* _What this task involves_: All records, exactly as written, minus the pictures: copy them out.

• • • • • • •

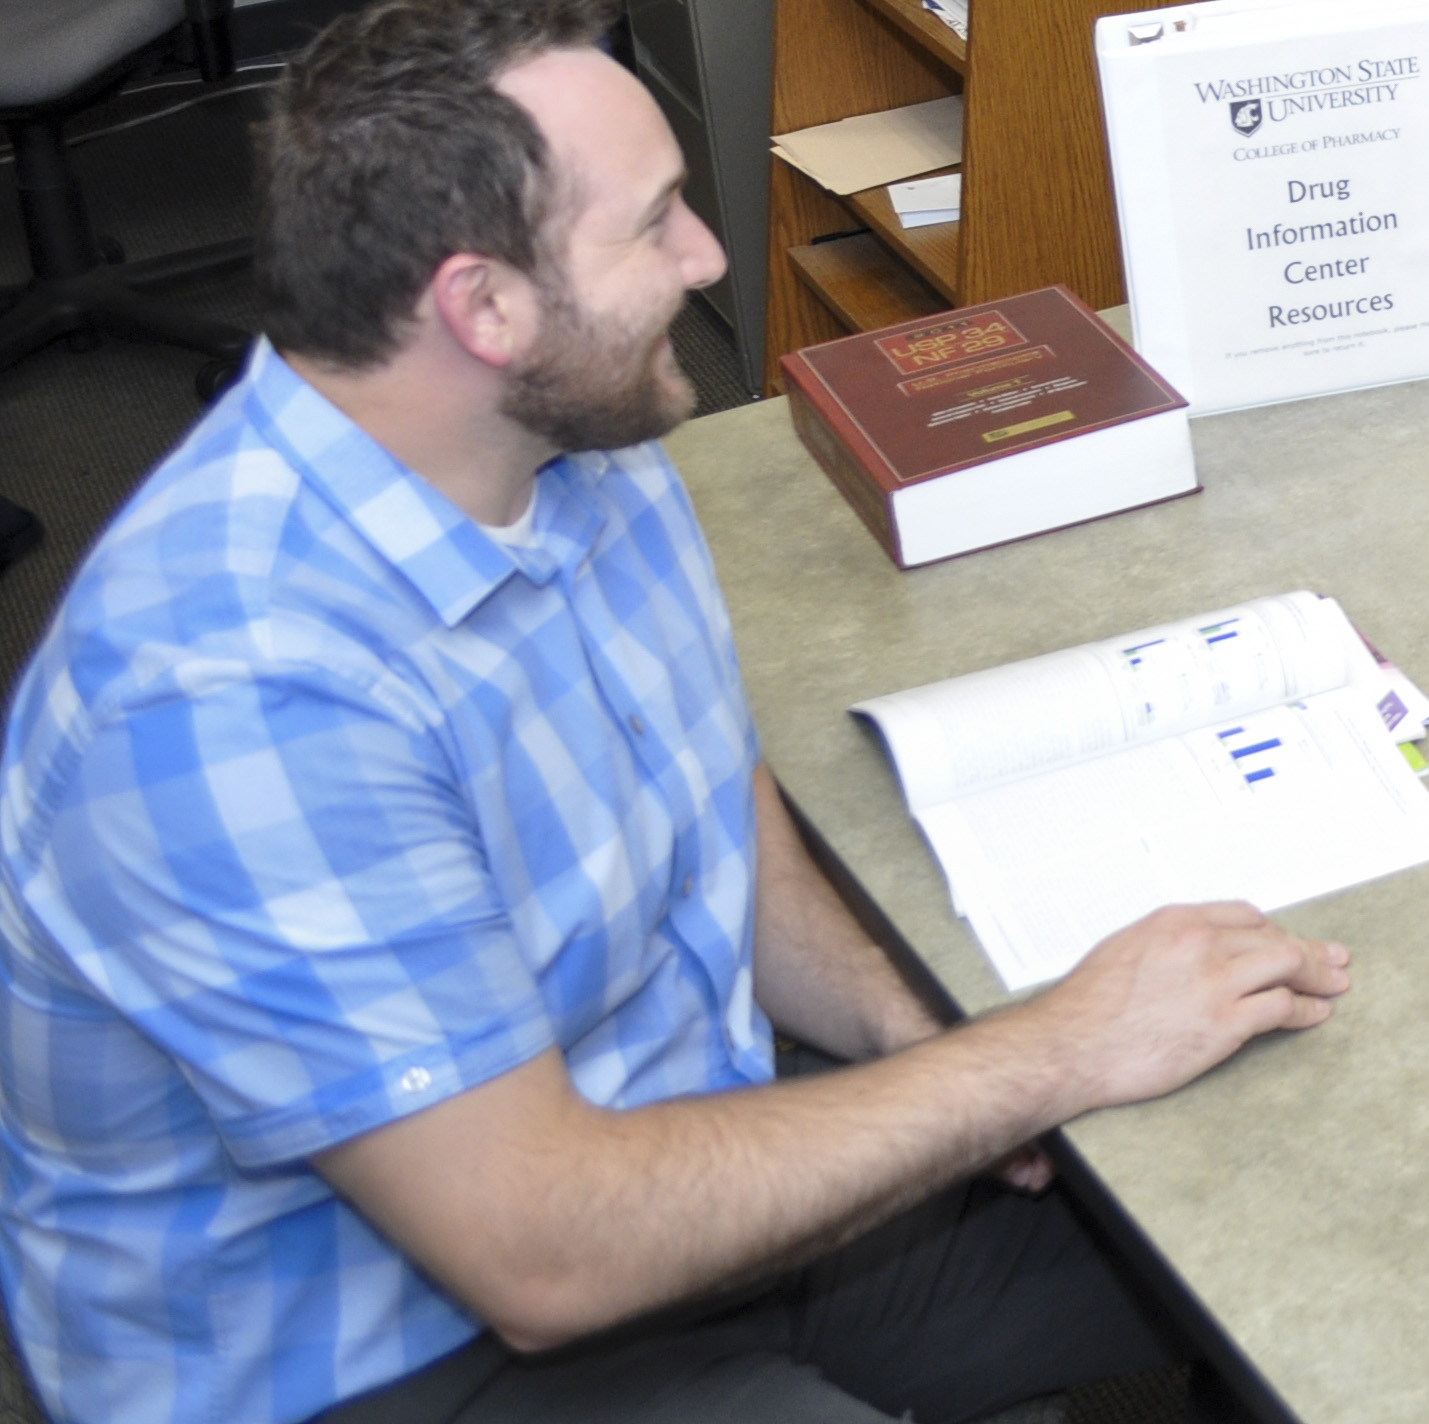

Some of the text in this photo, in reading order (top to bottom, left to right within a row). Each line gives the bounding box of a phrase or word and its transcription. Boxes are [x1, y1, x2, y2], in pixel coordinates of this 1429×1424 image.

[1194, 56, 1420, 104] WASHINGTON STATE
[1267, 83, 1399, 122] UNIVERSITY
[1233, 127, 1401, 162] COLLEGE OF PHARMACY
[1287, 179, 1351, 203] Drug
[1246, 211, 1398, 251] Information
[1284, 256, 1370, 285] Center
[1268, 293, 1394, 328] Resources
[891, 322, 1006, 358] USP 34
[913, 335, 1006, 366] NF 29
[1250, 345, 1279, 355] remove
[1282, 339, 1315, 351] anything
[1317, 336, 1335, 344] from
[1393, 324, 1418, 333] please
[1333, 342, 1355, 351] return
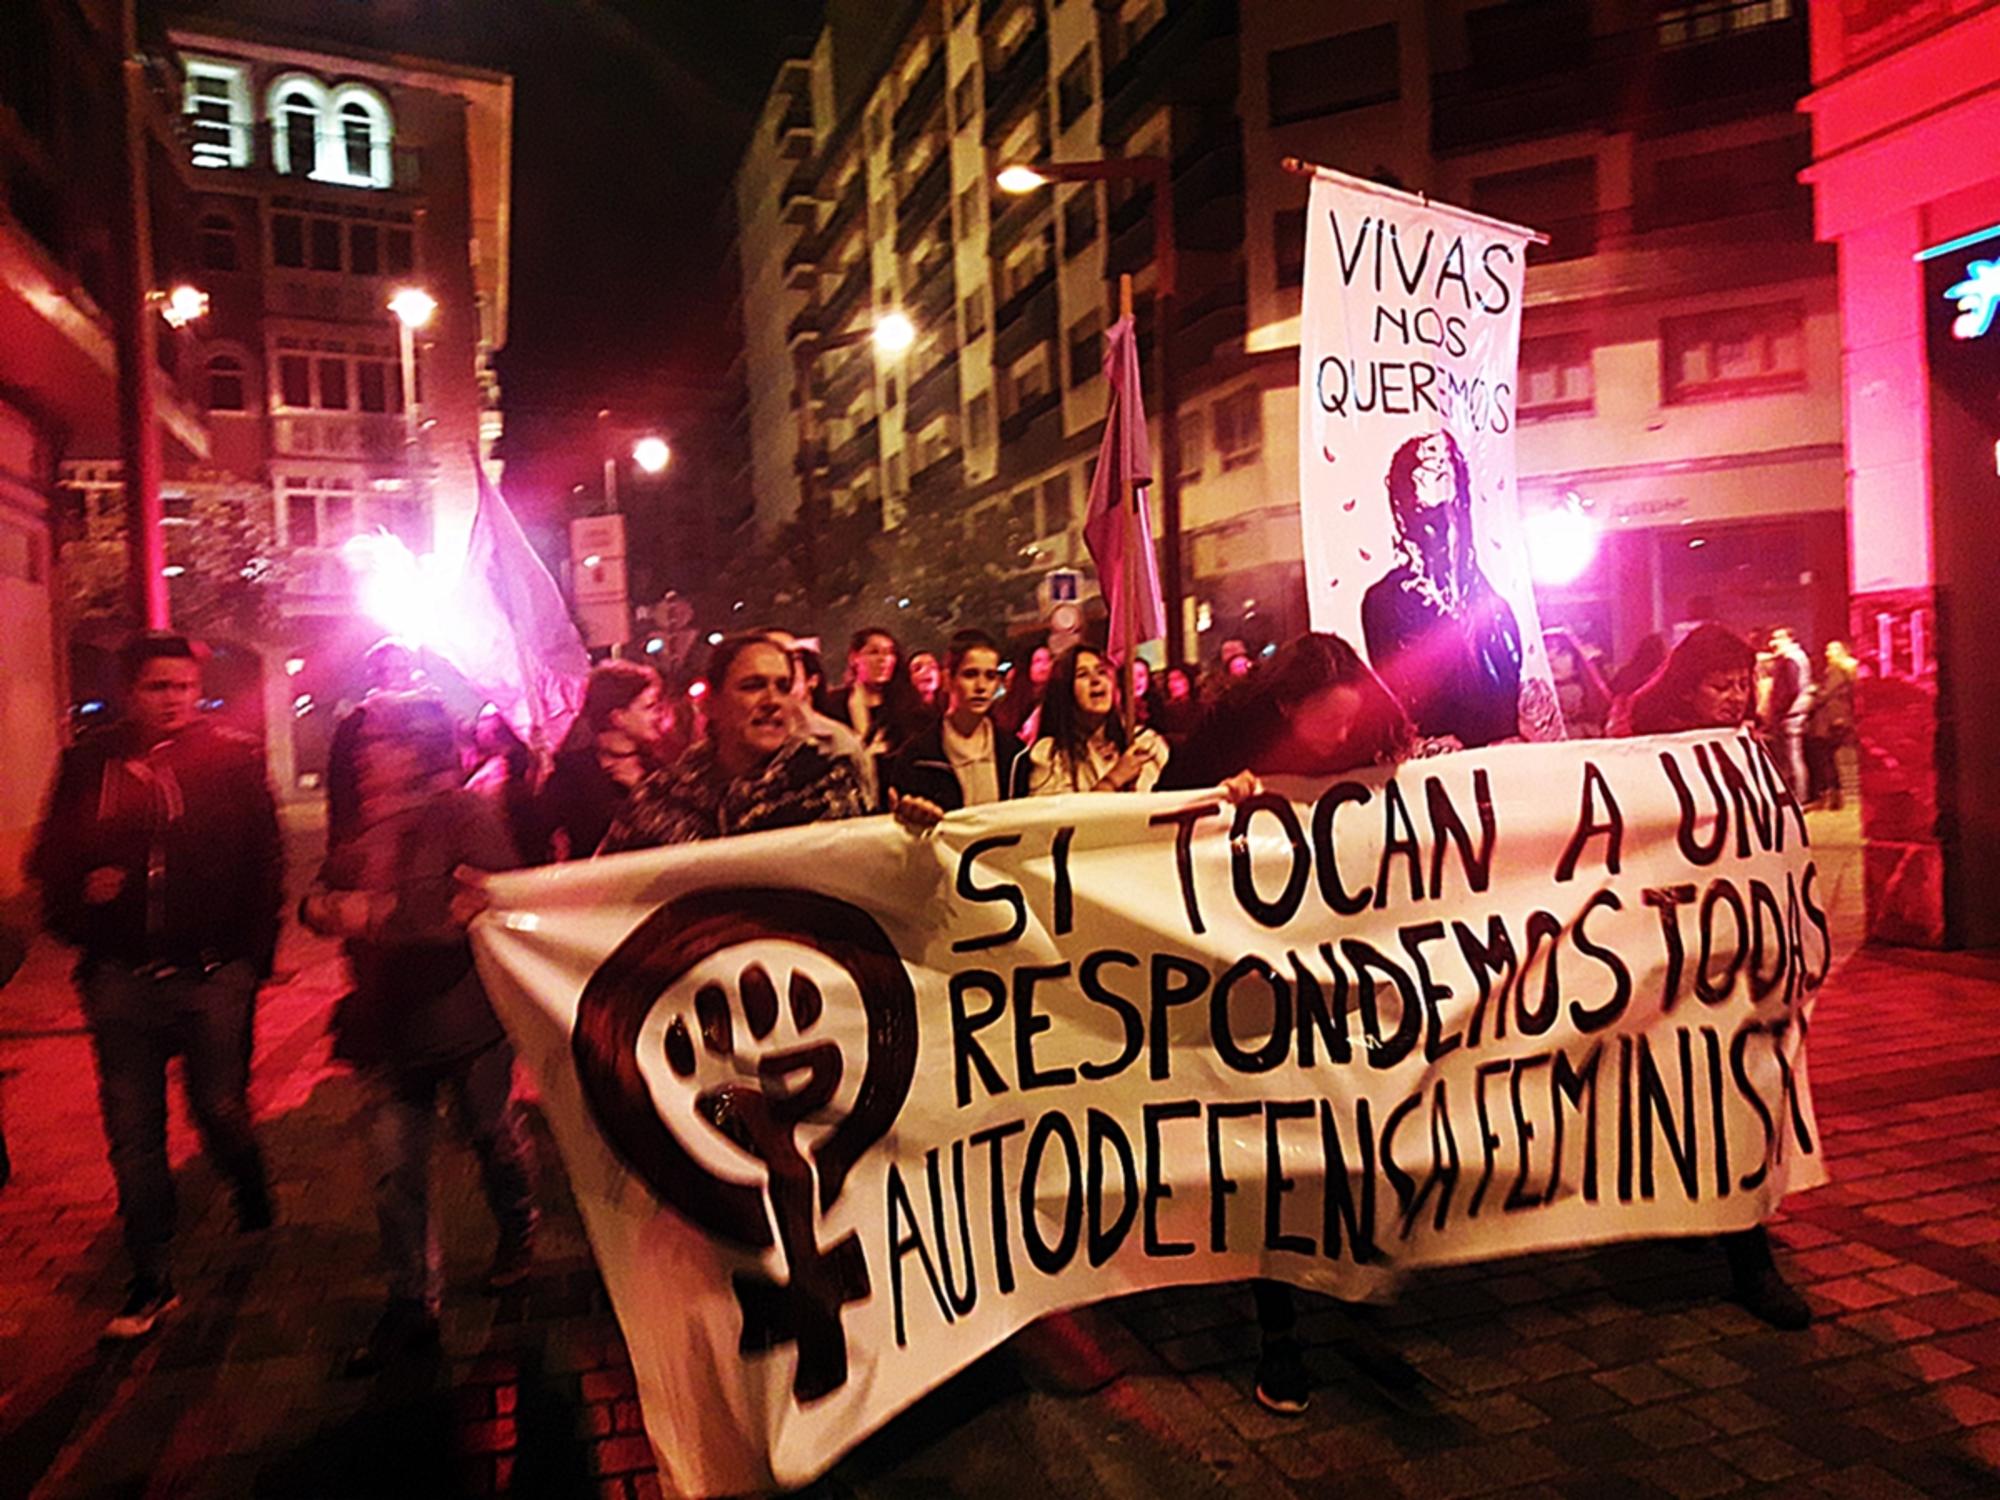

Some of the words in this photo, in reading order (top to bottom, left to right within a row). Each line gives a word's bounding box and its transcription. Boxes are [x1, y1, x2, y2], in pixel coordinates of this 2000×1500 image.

• • • • • • •

* _Solution to this problem_:
Some of the text in this photo, in reading order (top to bottom, left to right within a row). Each line gives the bounding box of a phrase or word and its transcription. Boxes are [x1, y1, x2, y2], in pixel coordinates of this 1429×1424 image.

[1194, 56, 1420, 104] WASHINGTON STATE
[1267, 83, 1399, 122] UNIVERSITY
[1233, 127, 1401, 162] COLLEGE OF PHARMACY
[1287, 179, 1351, 203] Drug
[1246, 211, 1398, 251] Information
[1284, 256, 1370, 285] Center
[1268, 293, 1394, 328] Resources
[891, 322, 1006, 358] USP 34
[913, 335, 1006, 366] NF 29
[1250, 345, 1279, 355] remove
[1282, 339, 1315, 351] anything
[1317, 336, 1335, 344] from
[1393, 324, 1418, 333] please
[1333, 342, 1355, 351] return

Some of the words in this photo, in reading order (top to bottom, left to right within a row). Each line gives a word's bounding box and its transcription. Boxes are [x1, y1, x2, y2], in pixel coordinates of this 2000×1500 image.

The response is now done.